++++ Extracted data ++++

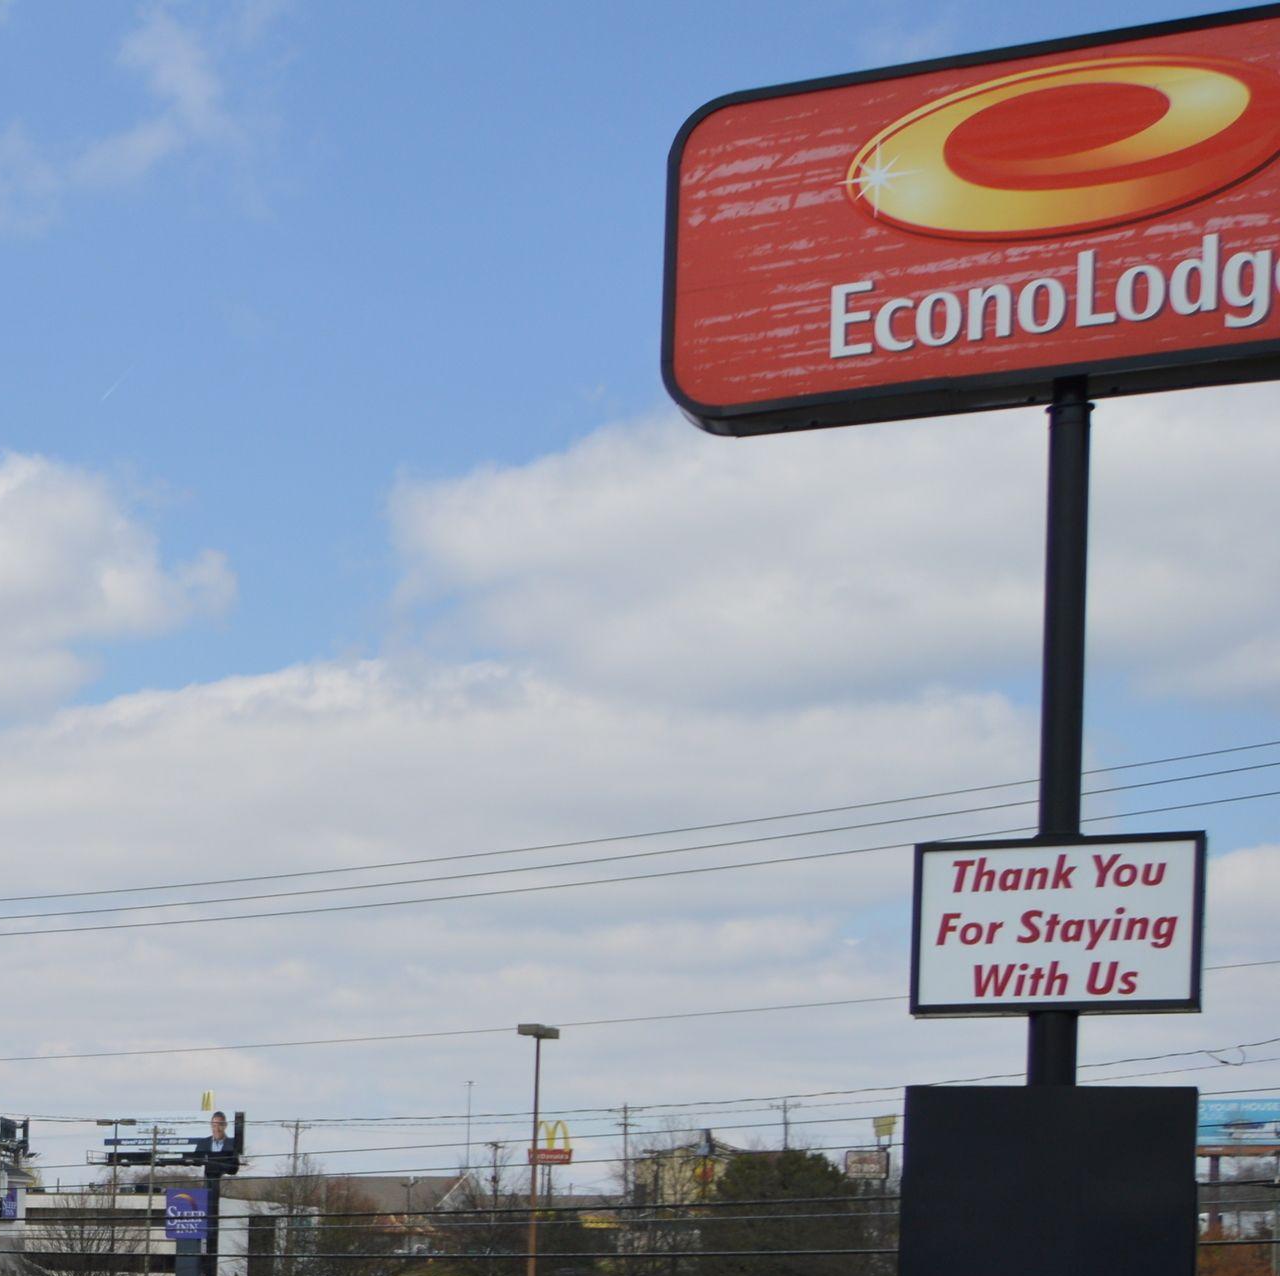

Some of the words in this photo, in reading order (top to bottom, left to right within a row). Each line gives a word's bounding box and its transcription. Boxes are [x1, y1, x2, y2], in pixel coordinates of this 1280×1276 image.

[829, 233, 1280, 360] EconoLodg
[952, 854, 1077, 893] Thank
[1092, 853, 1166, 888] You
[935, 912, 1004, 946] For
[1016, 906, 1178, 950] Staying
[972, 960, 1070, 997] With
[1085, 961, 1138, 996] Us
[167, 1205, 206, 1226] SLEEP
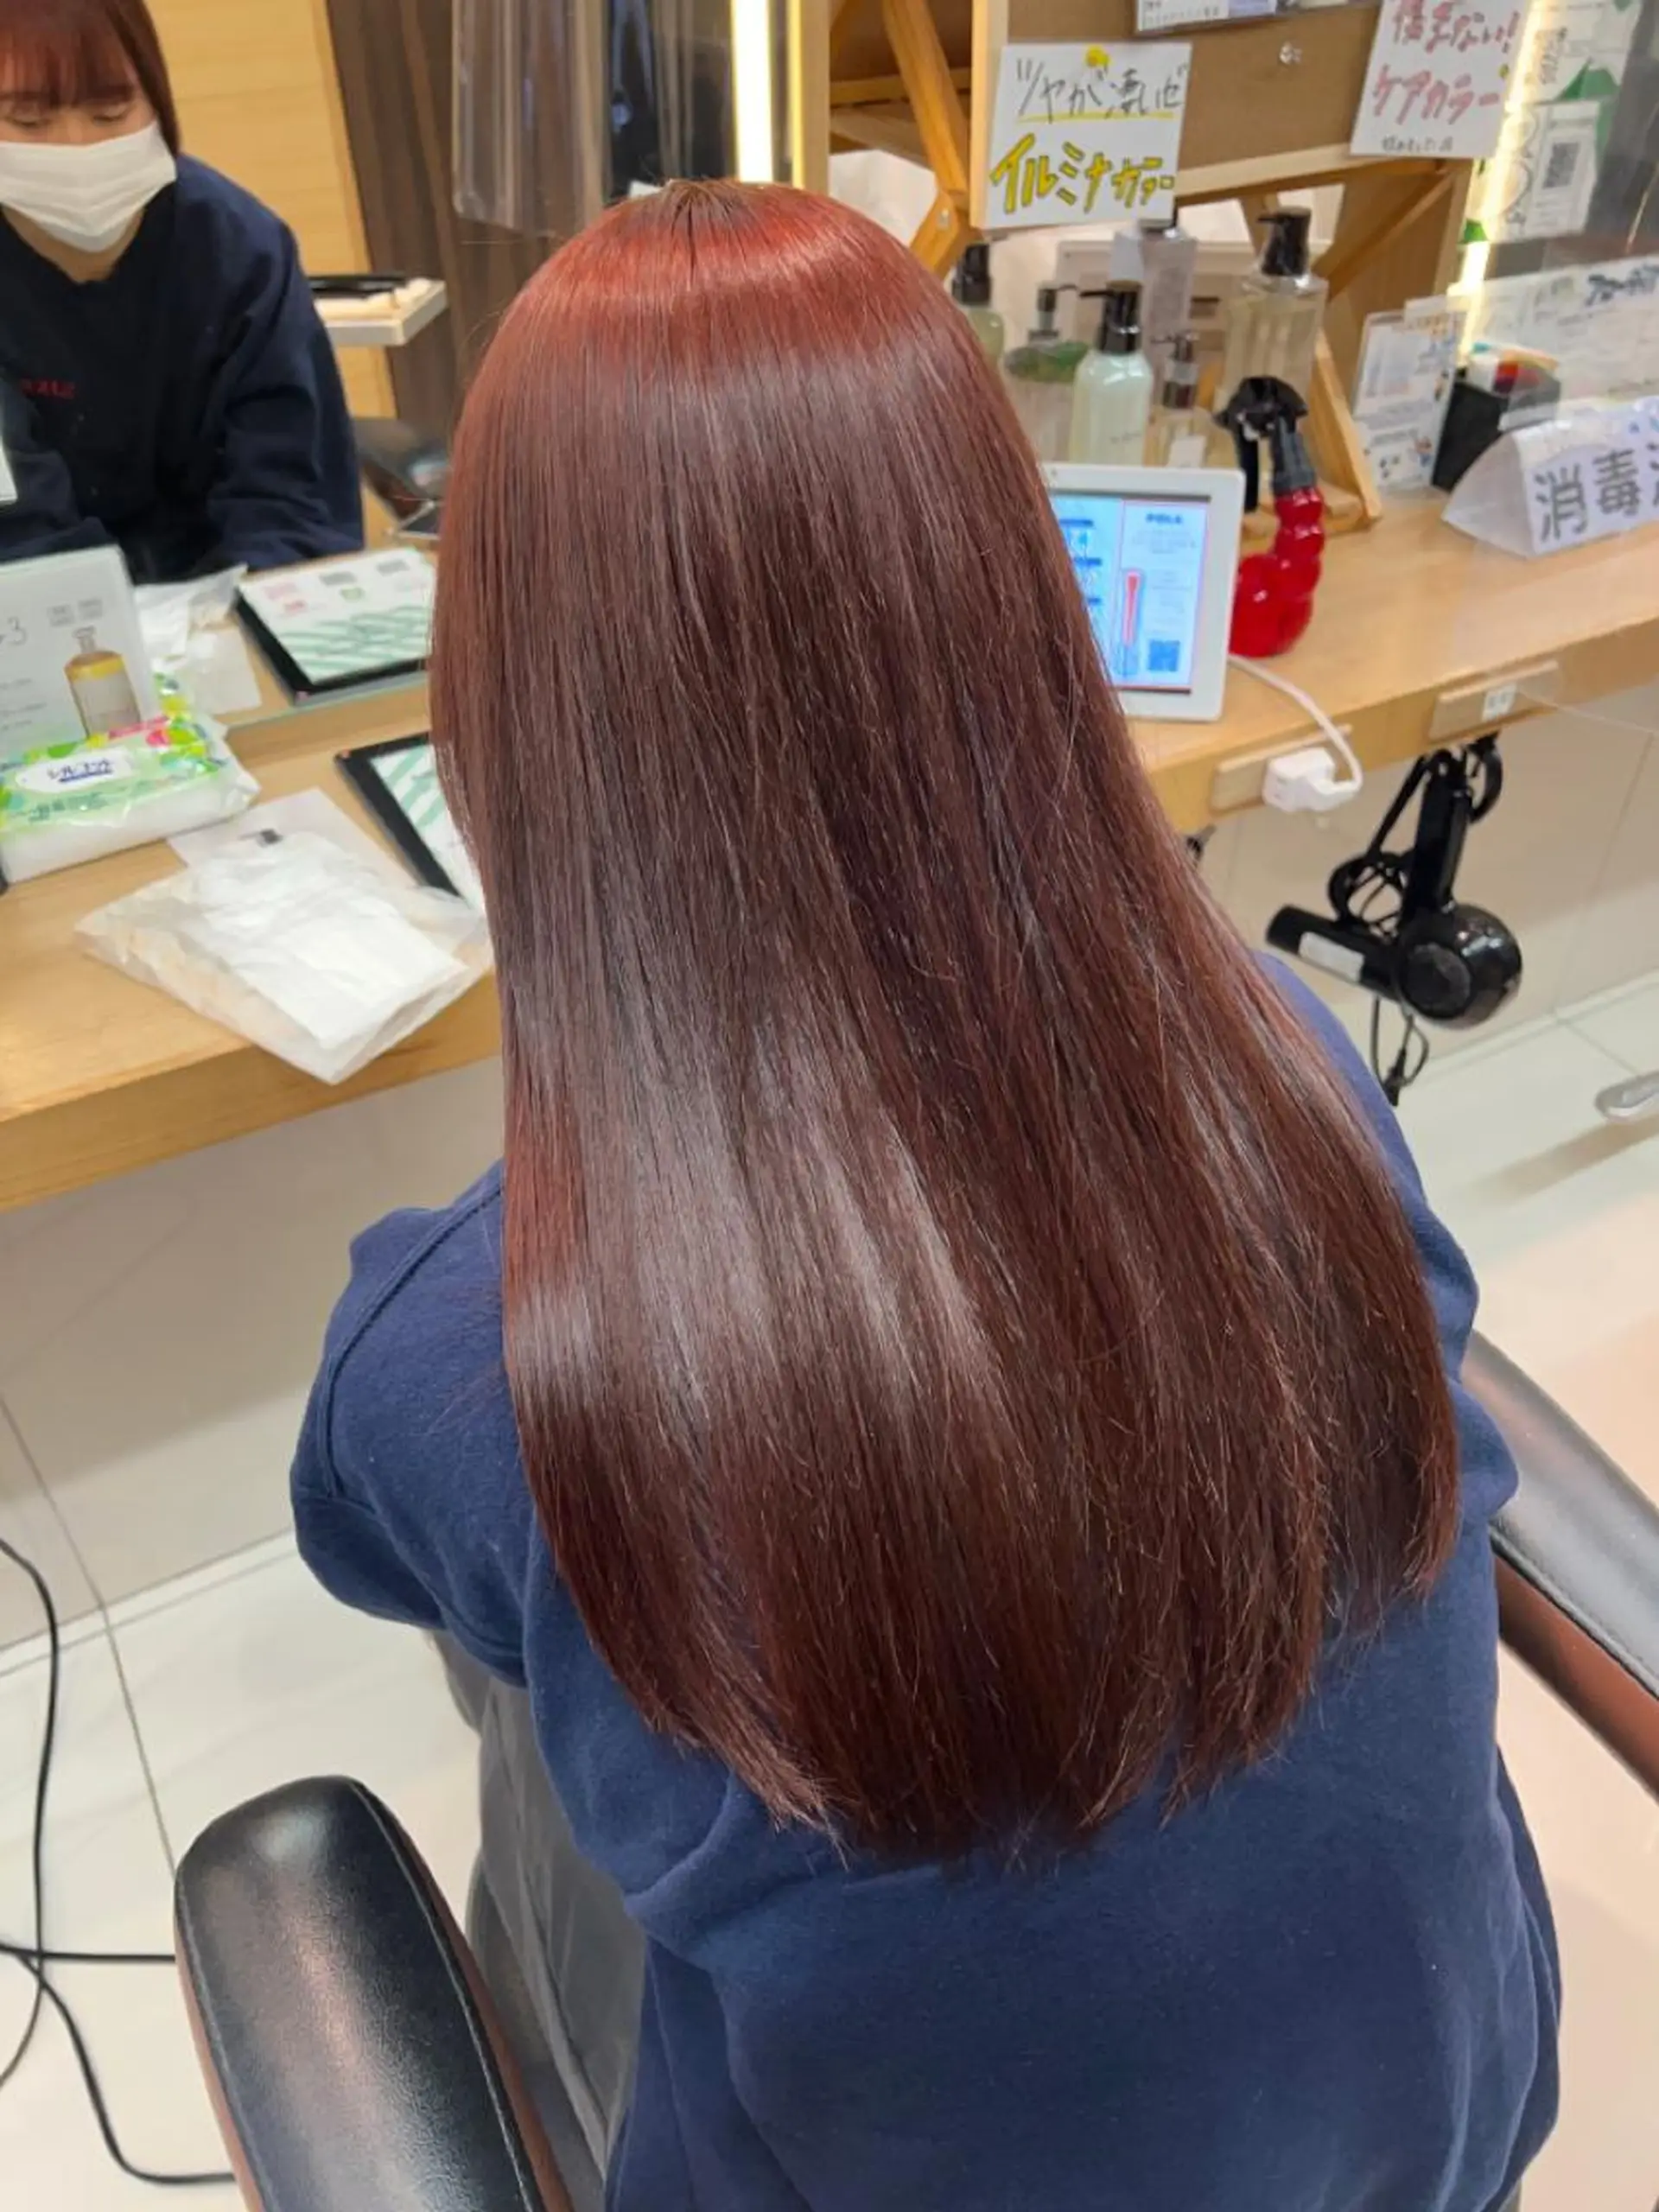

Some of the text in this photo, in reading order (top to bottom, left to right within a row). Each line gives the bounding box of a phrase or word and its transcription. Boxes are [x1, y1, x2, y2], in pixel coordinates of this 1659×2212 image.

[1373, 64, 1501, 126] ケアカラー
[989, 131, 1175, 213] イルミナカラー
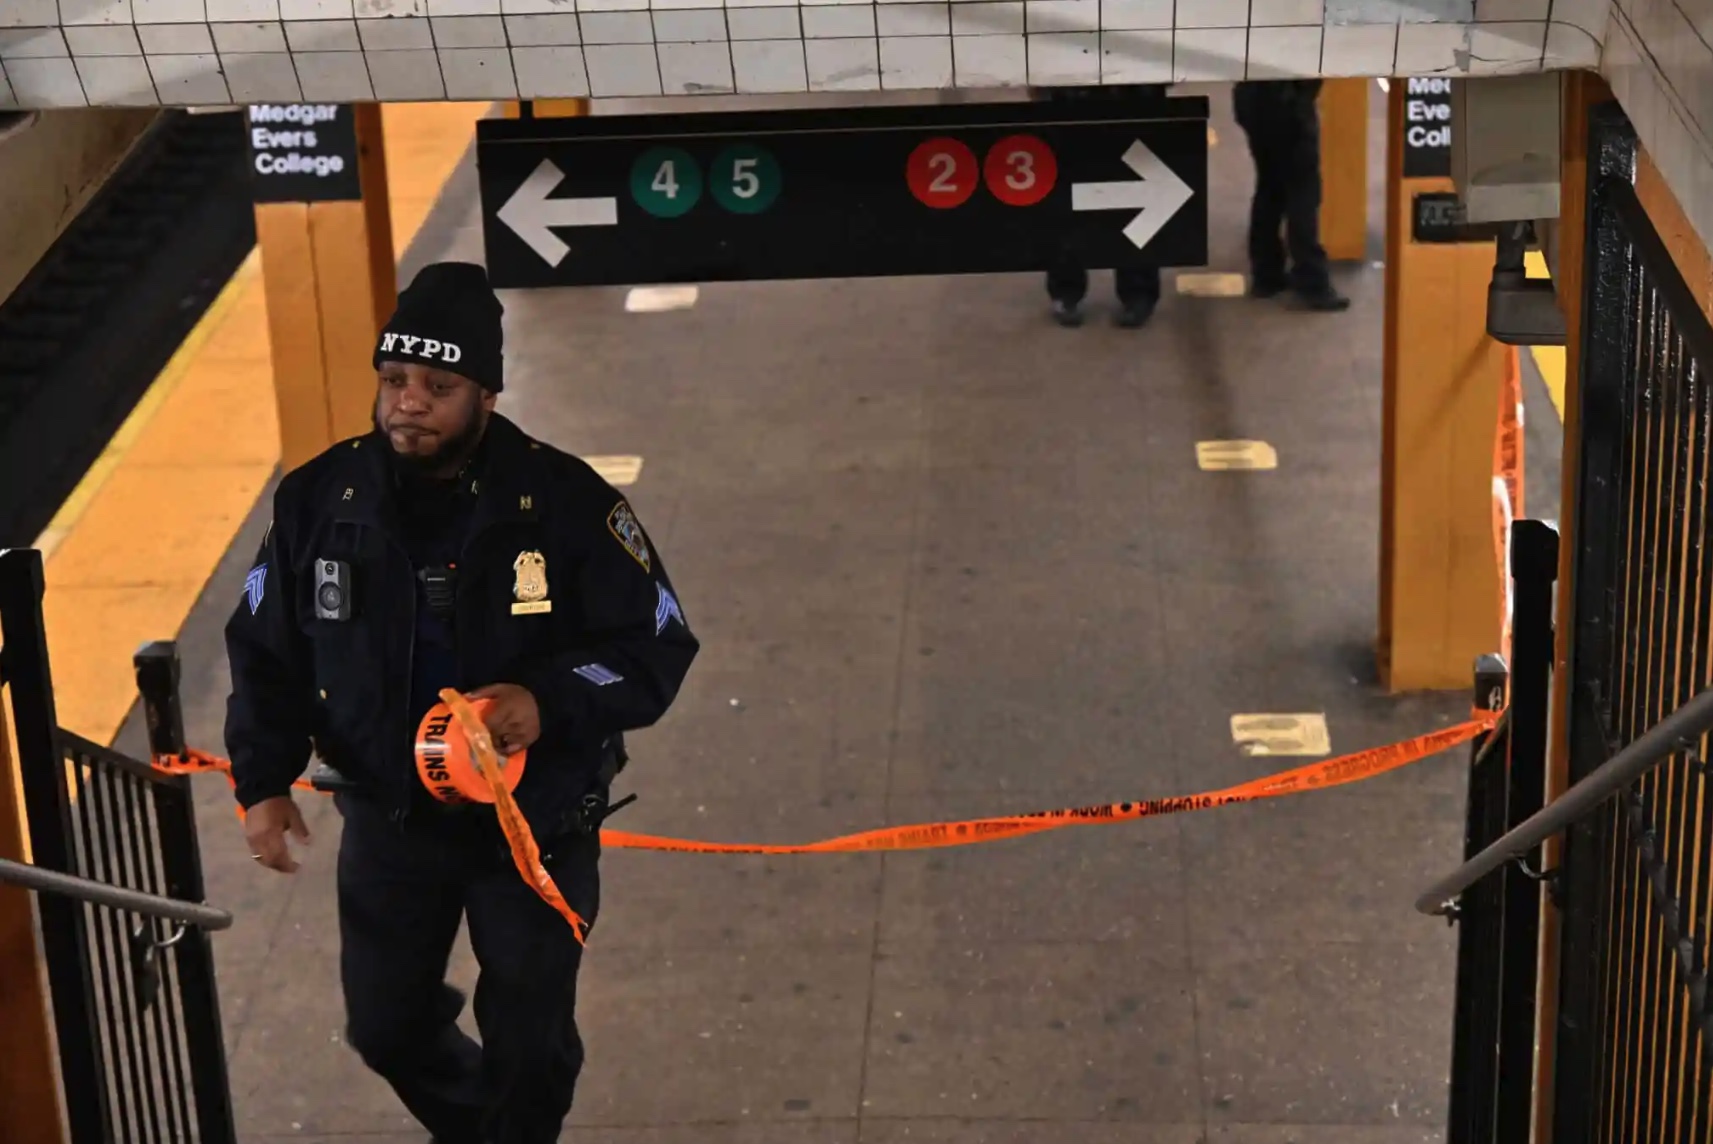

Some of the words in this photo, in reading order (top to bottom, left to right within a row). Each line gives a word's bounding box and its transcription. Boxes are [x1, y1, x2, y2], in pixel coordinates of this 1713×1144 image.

++++

| About this exercise |
Could you set down every entry above exactly as it stands, with no images?

| Output for this task |
Some of the words in this photo, in reading order (top to bottom, left to right within a row). Each line gives a word's bounding box and its transcription. Boxes are [x1, y1, x2, y2], in pixel coordinates of this 1280×1276 image.

[829, 233, 1280, 360] EconoLodg
[952, 854, 1077, 893] Thank
[1092, 853, 1166, 888] You
[935, 912, 1004, 946] For
[1016, 906, 1178, 950] Staying
[972, 960, 1070, 997] With
[1085, 961, 1138, 996] Us
[167, 1205, 206, 1226] SLEEP

Some of the text in this photo, in reading order (top to bottom, left to right within a row). Each line gives the bounding box of a phrase or word and its transcription. Boxes are [x1, y1, x2, y2], in pixel coordinates of this 1659×2212 image.

[1373, 64, 1501, 126] ケアカラー
[989, 131, 1175, 213] イルミナカラー

Some of the words in this photo, in reading order (top to bottom, left to right within a row). Each line gives a word's bounding box and its transcription. Boxes are [x1, y1, x2, y2], in pixel coordinates of this 1713×1144 image.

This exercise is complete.